The County Executive would appoint the members of the Transit Authority board subject to confirmation by the County Council. This independent body would then carry out independently a transit program as passed by the Council. This program could be relatively narrow (e.g. take over the existing Ride-On system) or broader (e.g. construct and operate a new BRT system).

Taxes and Finances

As written, the bill would allow (again: allow, not mandate) the County to pass a property tax that is designated to raise funds specifically for the Transit Authority. These monies would not count toward the County Charter limit.

Additionally, if transportation expenditures (e.g. Ride-On) are moved over from the County budget, the County could reduce taxes  or spend the money on other needs because they would no longer be counted as within the Charter limit.

Less Different Than You Think

The County already has the power to do much of this through special taxing districts that have the power to construct transit (i.e. make capital expenditures) and raise funds outside the Charter limit. However, special taxing districts cannot operate transit.

Though the Transit Authority might spend monies on building and operating new systems, it would also likely realize some savings elsewhere. For example, a new transit line would likely result in needing to spend less on Ride-On buses.

Advantages

The clear advantage of this proposal is that it would allow Montgomery to take greater control its transportation future. Monies raised in Montgomery would stay in Montgomery. The County could choose to build projects that the State is not ready or able to fund. Ideally, the County would adopt a program that would help reduce traffic and help Montgomery grow.
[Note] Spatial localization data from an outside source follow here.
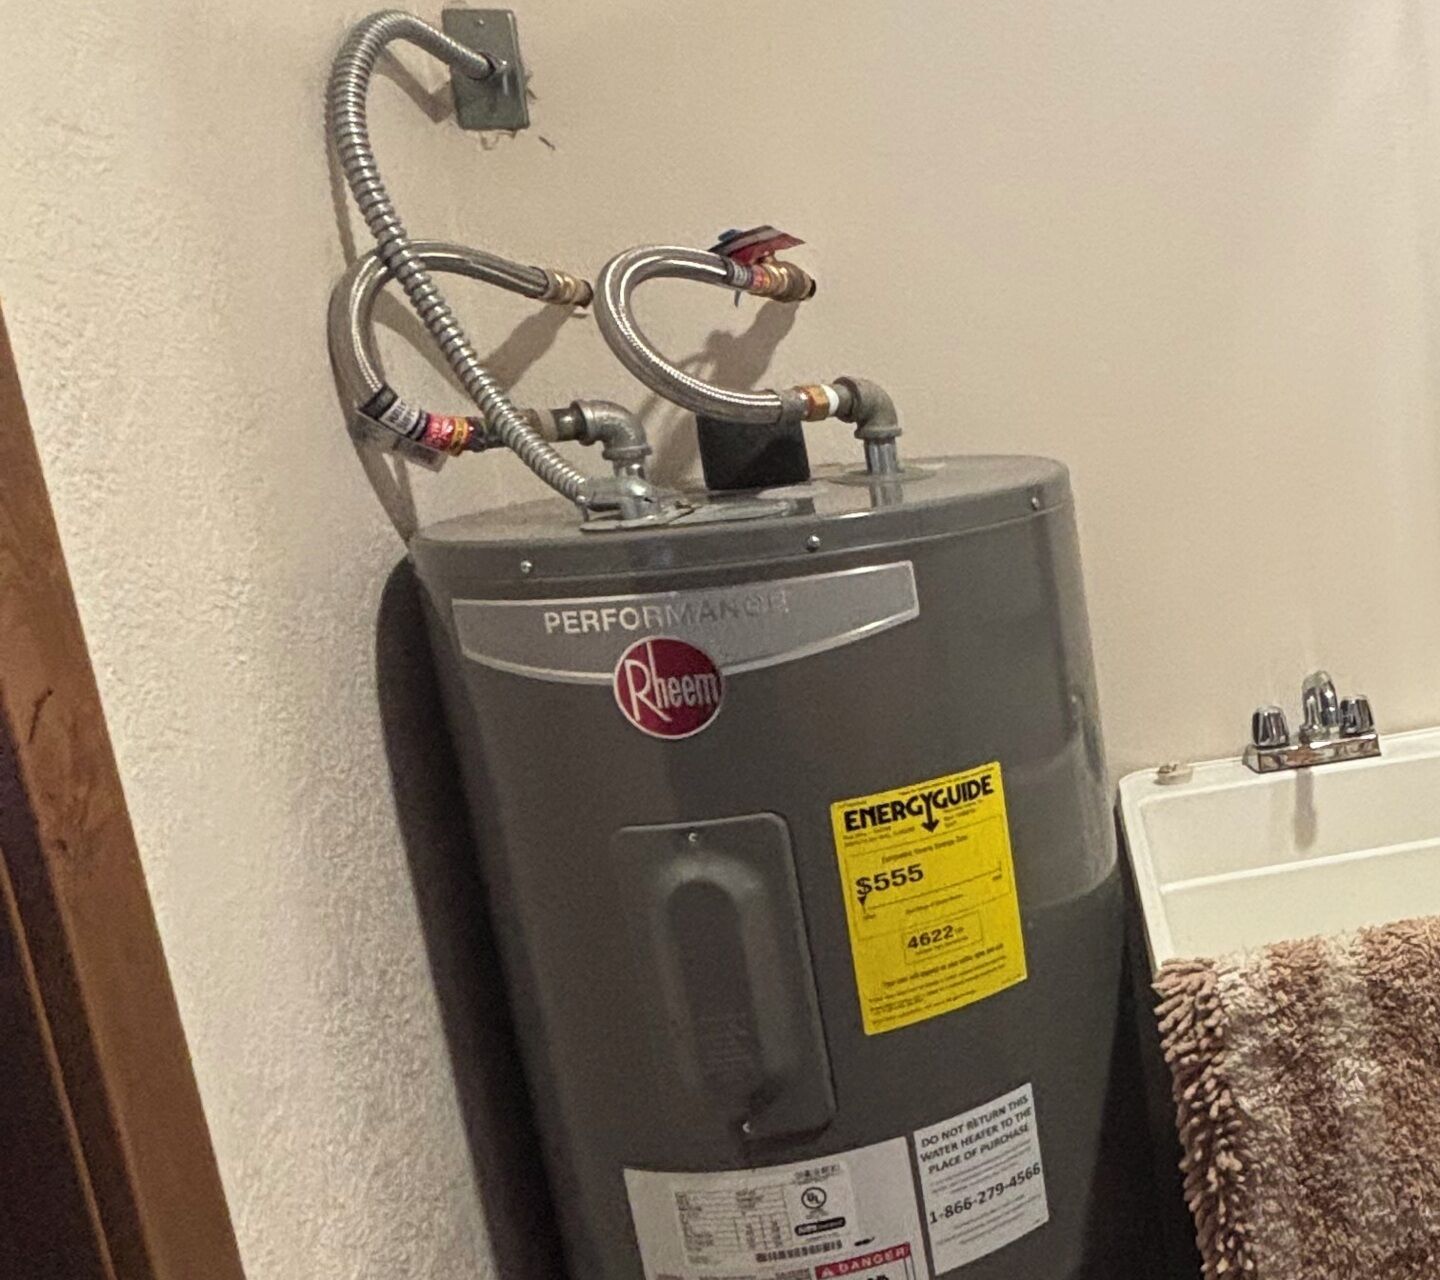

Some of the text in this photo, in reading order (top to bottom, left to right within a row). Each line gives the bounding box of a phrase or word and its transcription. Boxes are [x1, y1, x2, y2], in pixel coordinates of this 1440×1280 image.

[543, 589, 789, 634] PERFORMANCE
[624, 641, 719, 722] Rheem
[843, 775, 994, 833] ENERGYGUIDE
[855, 863, 925, 898] $555
[907, 924, 954, 949] 4622
[920, 1106, 1032, 1162] WATER HEATER TO THE
[921, 1094, 1029, 1148] DO NOT RETURN THIS
[928, 1124, 1030, 1175] PLACE OF PURCHASE
[929, 1162, 1041, 1224] 1-866-279-4566
[838, 1246, 906, 1272] DANGER
Ironically, it might conceivably save money at the State level by reducing the need to construct another project elsewhere in the State in order to build the political support needed. Unlike the Montgomery-Prince George’s Purple Line and the Baltimore Red Line, Transit Authority projects would not need to move in tandem with other projects to gain support.

Disadvantages

No one likes seeing their taxes go up. While some would be willing to pay to see the money spent here in Montgomery on transportation, other will undoubtedly oppose anything that allows the County to increase its taxation authority.

Other may view the Transit Authority’s greatest strength–its ability to operate more insulated from politics–as its greatest weakness, perceiving it as less accountable to the public. Tradeoffs like these often exist in government. The Federal Reserve Board operates infinitely better for being independent of Congress and the President but it is also less responsive to the vicissitudes of public opinion.
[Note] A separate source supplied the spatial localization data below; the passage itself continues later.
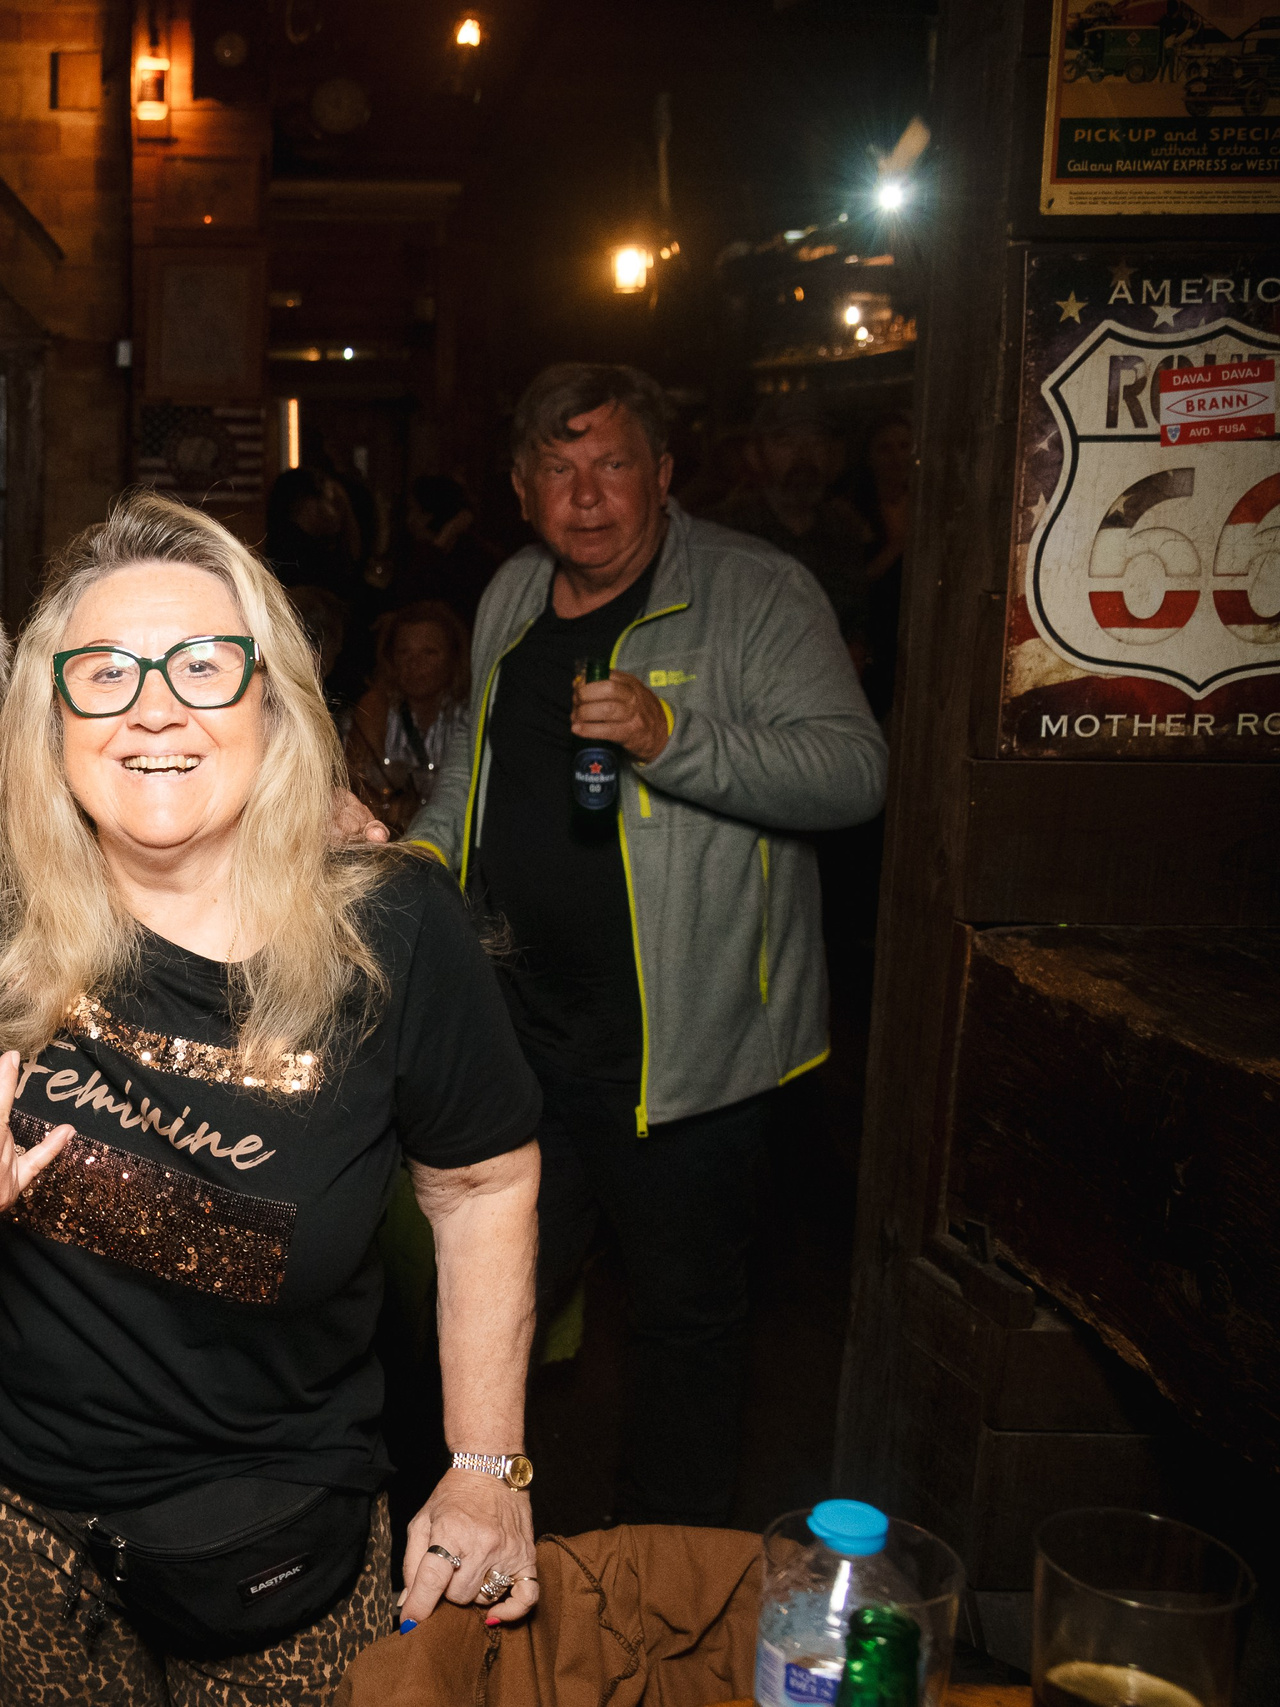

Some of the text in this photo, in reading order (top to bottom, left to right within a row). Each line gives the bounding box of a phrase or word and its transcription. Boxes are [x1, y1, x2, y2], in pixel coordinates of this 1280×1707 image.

[1163, 128, 1198, 142] and
[1150, 142, 1209, 157] without
[1217, 143, 1261, 157] extra
[1067, 159, 1088, 172] Call
[1089, 162, 1113, 173] any
[1116, 159, 1170, 172] RAILWAY
[1172, 159, 1228, 172] EXPRESS
[1229, 161, 1244, 172] or
[1172, 367, 1261, 386] DAVAJ DAVAJ
[1185, 394, 1248, 413] BRANN
[1188, 427, 1213, 438] AVD.
[1218, 423, 1247, 435] FUSA
[1039, 713, 1216, 738] MOTHER
[249, 1565, 302, 1594] EASTPAK
County Executive and Council influence over transportation would simultaneously increase and decline. It would increase because they could fund and mandate new projects, giving the County much more muscular authority over transit. But the independent authority would be more independent once a funding mechanism is in place and a program adopted.

To Build What

A new Transit Authority would likely be able to move forward with the widely supported Corridor Cities Transitway (CCT) and additional bus-rapid transit lines gradually for the County. BRT is much less costly than light rail (Purple Line) or heavy rail (Metro).

It would almost certainly not be enough to move forward with the Purple Line because that project is just so expensive ($2.4 billion and rising). I am hearing that the Transit Authority would not be intended to build the Purple Line but to move forward with the CCT and other transit improvements.
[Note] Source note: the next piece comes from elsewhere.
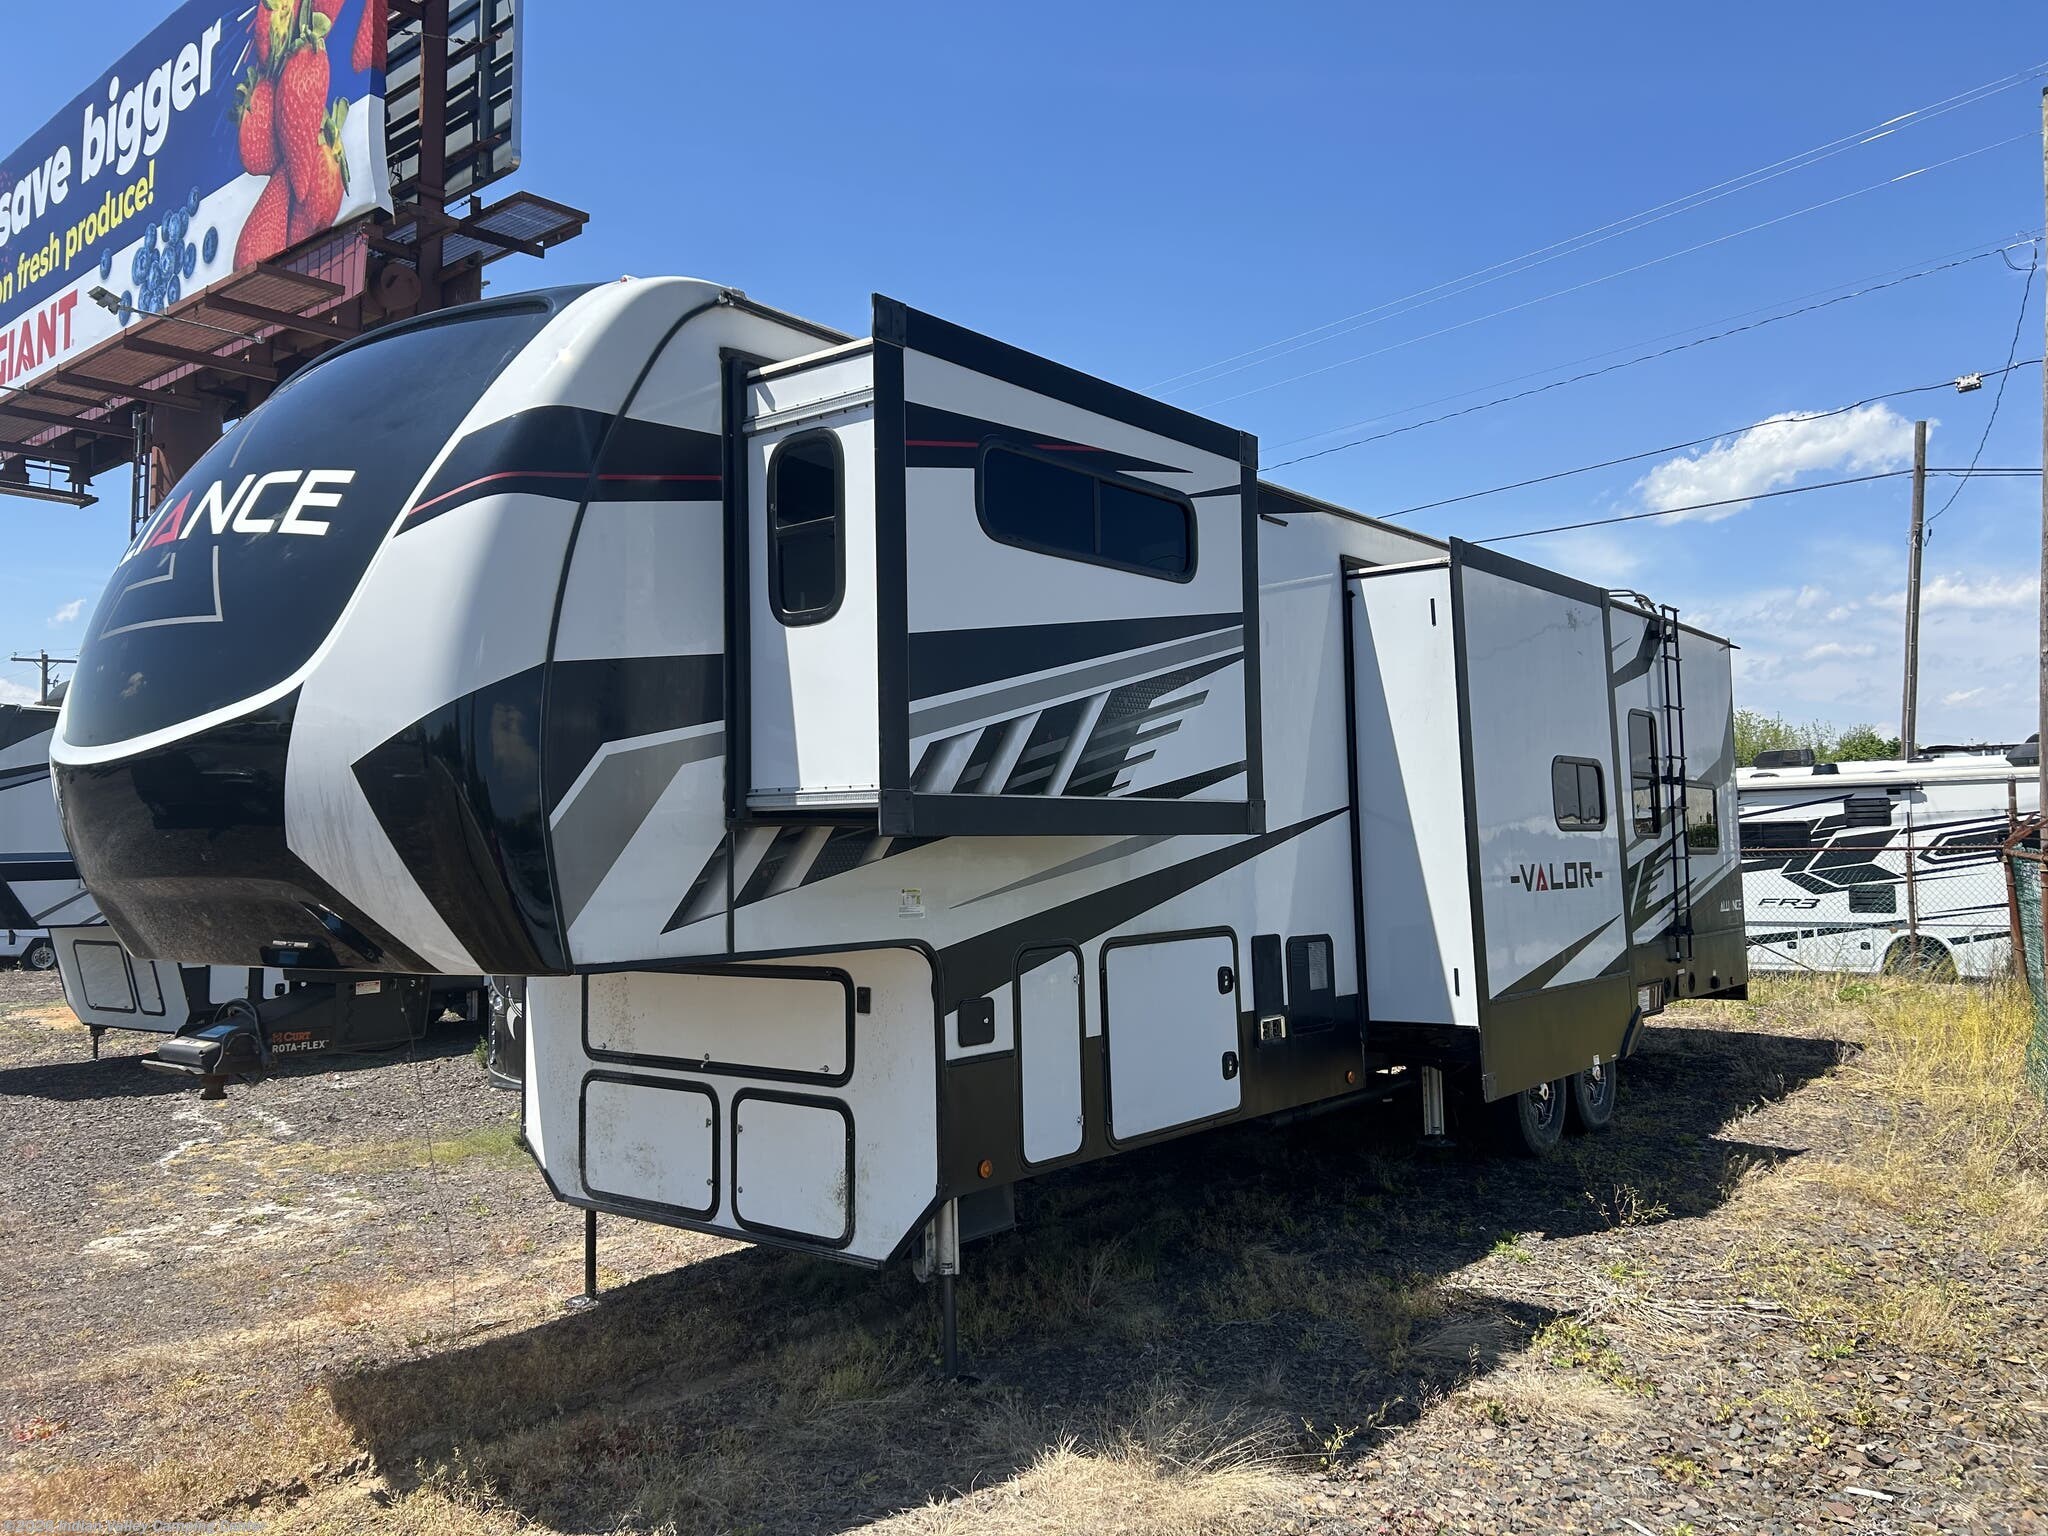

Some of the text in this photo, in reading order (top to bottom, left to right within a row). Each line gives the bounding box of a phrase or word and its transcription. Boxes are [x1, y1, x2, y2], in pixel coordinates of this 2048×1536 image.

[0, 18, 222, 248] save bigger
[17, 231, 60, 293] fresh
[65, 158, 155, 272] produce!
[1758, 897, 1821, 909] FR3
Of course, I’d like to see numbers so I could figure out what is possible and what is not. This is impossible for the simple reason that the taxation rates and general program of any Transit Authority would be up to the County Council.

Preliminary Thoughts

My initial reaction is that the Transit Authority may well be a good idea. Montgomery County has major transportation needs that should be more broadly addressed. The Authority would provide both the means and the opportunity to do so. Councilmember Nancy Floreen, a former Council President, said that the idea had “a certain amount of sense” when I spoke with her.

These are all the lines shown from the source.